EXERCISE DATA =>
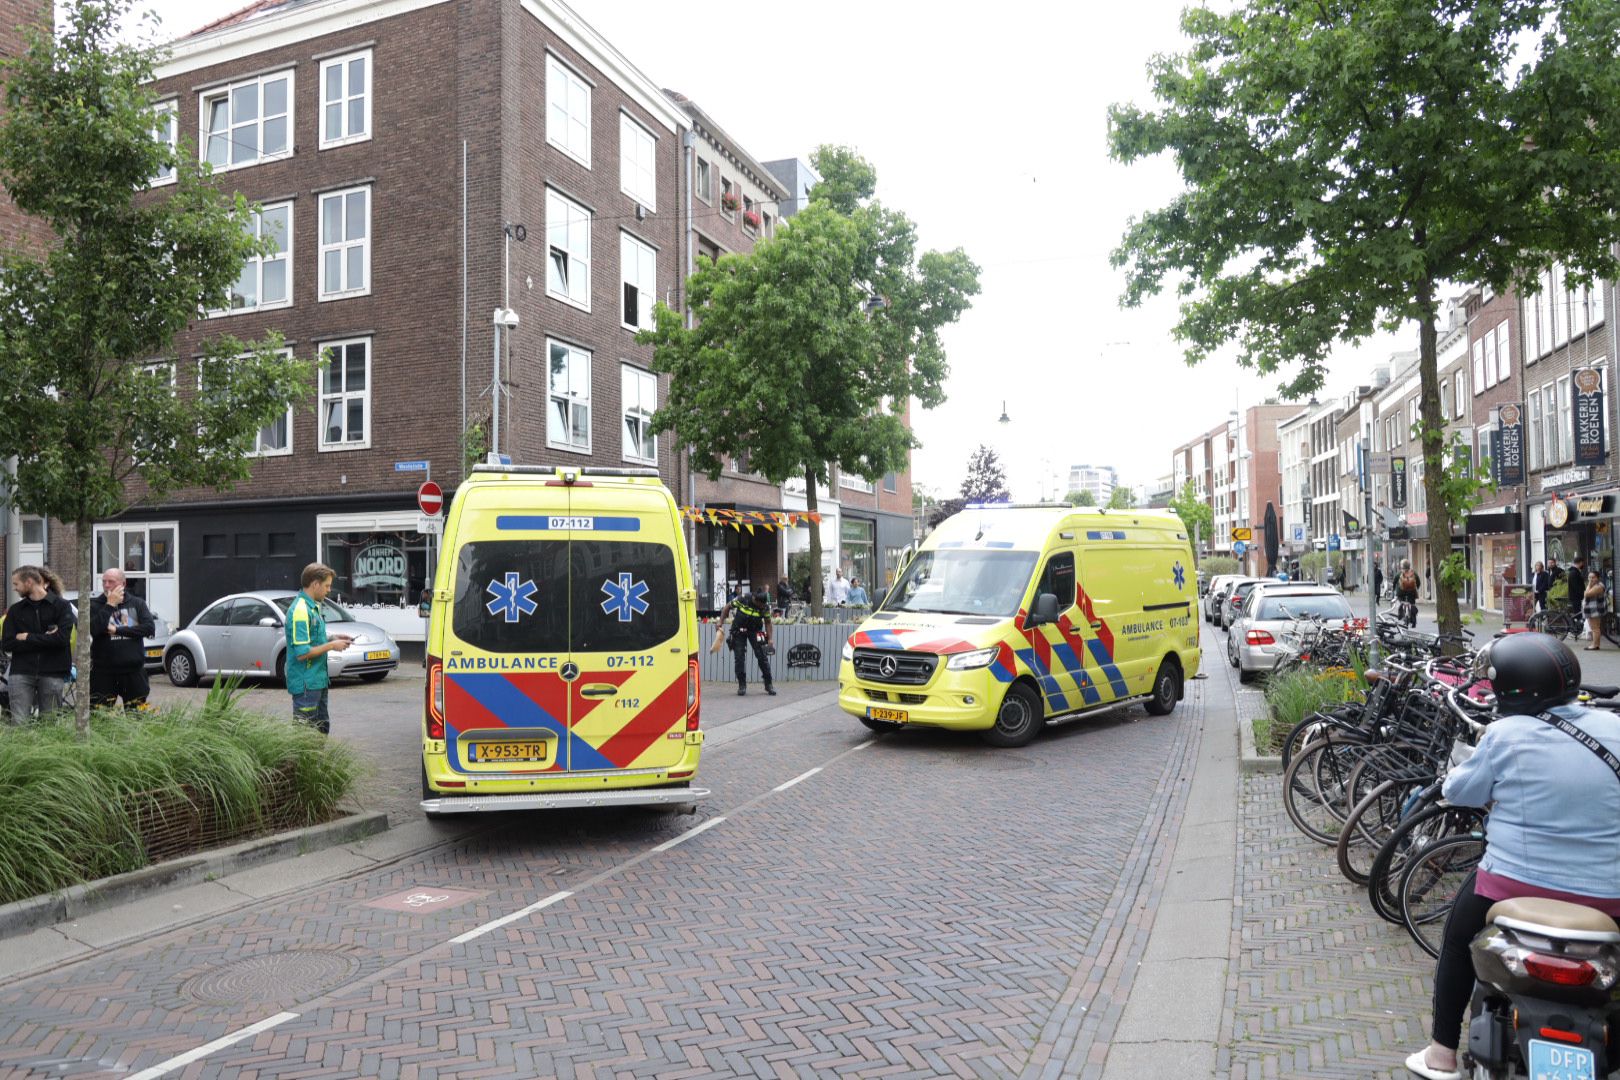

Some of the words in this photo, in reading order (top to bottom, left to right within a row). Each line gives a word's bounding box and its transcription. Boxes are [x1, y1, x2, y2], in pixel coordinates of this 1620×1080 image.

[1579, 398, 1589, 444] BAKKERIJ
[1589, 397, 1600, 444] KOENEN
[1503, 429, 1511, 467] BAKKERIJ
[1511, 428, 1520, 467] KOENEN
[551, 518, 590, 528] 07-112
[357, 556, 405, 576] NOORD
[1121, 620, 1164, 635] AMBULANCE
[447, 657, 558, 669] AMBULANCE
[606, 655, 654, 667] 07-112
[790, 651, 819, 661] NOORD
[621, 698, 640, 709] 112
[1576, 732, 1586, 740] IT
[1584, 737, 1600, 750] GET
[481, 744, 541, 758] X-953-TR
[1550, 1047, 1587, 1071] DFP
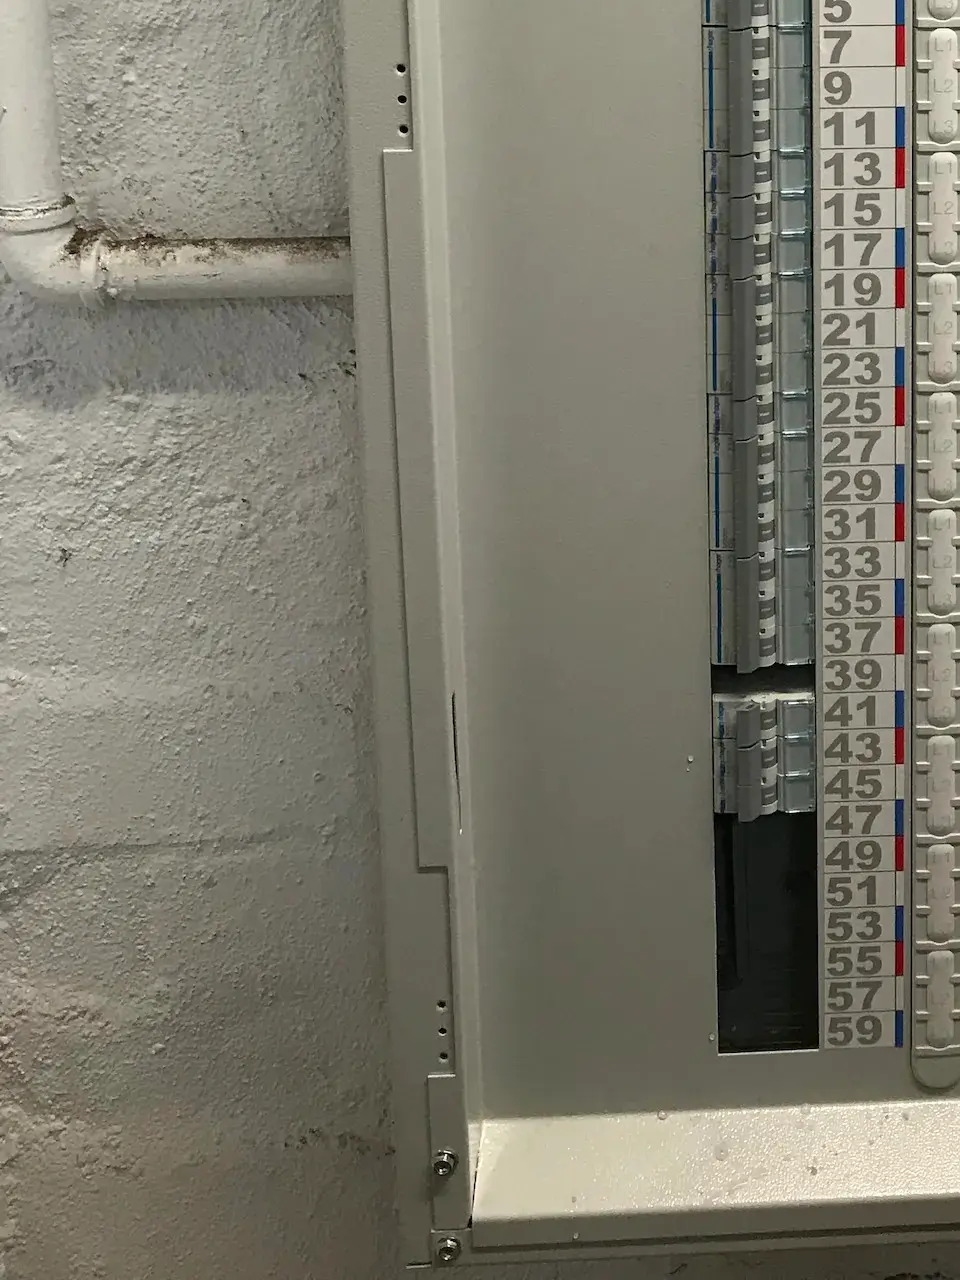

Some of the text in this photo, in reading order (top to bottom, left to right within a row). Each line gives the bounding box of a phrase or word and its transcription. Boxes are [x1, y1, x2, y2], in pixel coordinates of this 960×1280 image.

[824, 30, 852, 64] 7
[934, 38, 952, 52] L1
[824, 71, 852, 105] 9
[934, 79, 954, 94] L2
[824, 111, 875, 145] 11
[934, 119, 954, 134] L3
[824, 152, 881, 186] 13
[934, 160, 952, 175] L1
[824, 193, 881, 226] 15
[934, 201, 954, 216] L2
[824, 233, 881, 266] 17
[934, 241, 954, 256] L3
[824, 273, 881, 306] 19
[934, 281, 952, 296] L1
[823, 312, 875, 346] 21
[934, 320, 954, 336] L2
[823, 352, 881, 386] 23
[934, 360, 954, 375] L3
[823, 392, 881, 425] 25
[934, 400, 952, 414] L1
[823, 431, 881, 464] 27
[934, 439, 954, 454] L2
[823, 469, 881, 502] 29
[934, 479, 954, 493] L3
[824, 507, 875, 540] 31
[824, 546, 881, 579] 33
[824, 584, 881, 616] 35
[825, 621, 881, 654] 37
[825, 659, 881, 691] 39
[825, 696, 875, 726] 41
[825, 732, 882, 763] 43
[825, 769, 882, 799] 45
[825, 805, 882, 835] 47
[826, 840, 882, 870] 49
[827, 875, 876, 906] 51
[826, 910, 882, 940] 53
[827, 945, 882, 975] 55
[827, 981, 882, 1011] 57
[827, 1015, 882, 1046] 59

WORK ITEM => Your copy should hold all the data word for word. It should hold no pictures.

TASK OUTPUT =>
Some of the words in this photo, in reading order (top to bottom, left to right within a row). Each line gives a word's bounding box and its transcription. Boxes are [x1, y1, x2, y2], in pixel coordinates of this 1620×1080 image.

[1579, 398, 1589, 444] BAKKERIJ
[1589, 397, 1600, 444] KOENEN
[1503, 429, 1511, 467] BAKKERIJ
[1511, 428, 1520, 467] KOENEN
[551, 518, 590, 528] 07-112
[357, 556, 405, 576] NOORD
[1121, 620, 1164, 635] AMBULANCE
[447, 657, 558, 669] AMBULANCE
[606, 655, 654, 667] 07-112
[790, 651, 819, 661] NOORD
[621, 698, 640, 709] 112
[1576, 732, 1586, 740] IT
[1584, 737, 1600, 750] GET
[481, 744, 541, 758] X-953-TR
[1550, 1047, 1587, 1071] DFP

Some of the text in this photo, in reading order (top to bottom, left to right within a row). Each line gives the bounding box of a phrase or word and its transcription. Boxes are [x1, y1, x2, y2], in pixel coordinates of this 960×1280 image.

[824, 30, 852, 64] 7
[934, 38, 952, 52] L1
[824, 71, 852, 105] 9
[934, 79, 954, 94] L2
[824, 111, 875, 145] 11
[934, 119, 954, 134] L3
[824, 152, 881, 186] 13
[934, 160, 952, 175] L1
[824, 193, 881, 226] 15
[934, 201, 954, 216] L2
[824, 233, 881, 266] 17
[934, 241, 954, 256] L3
[824, 273, 881, 306] 19
[934, 281, 952, 296] L1
[823, 312, 875, 346] 21
[934, 320, 954, 336] L2
[823, 352, 881, 386] 23
[934, 360, 954, 375] L3
[823, 392, 881, 425] 25
[934, 400, 952, 414] L1
[823, 431, 881, 464] 27
[934, 439, 954, 454] L2
[823, 469, 881, 502] 29
[934, 479, 954, 493] L3
[824, 507, 875, 540] 31
[824, 546, 881, 579] 33
[824, 584, 881, 616] 35
[825, 621, 881, 654] 37
[825, 659, 881, 691] 39
[825, 696, 875, 726] 41
[825, 732, 882, 763] 43
[825, 769, 882, 799] 45
[825, 805, 882, 835] 47
[826, 840, 882, 870] 49
[827, 875, 876, 906] 51
[826, 910, 882, 940] 53
[827, 945, 882, 975] 55
[827, 981, 882, 1011] 57
[827, 1015, 882, 1046] 59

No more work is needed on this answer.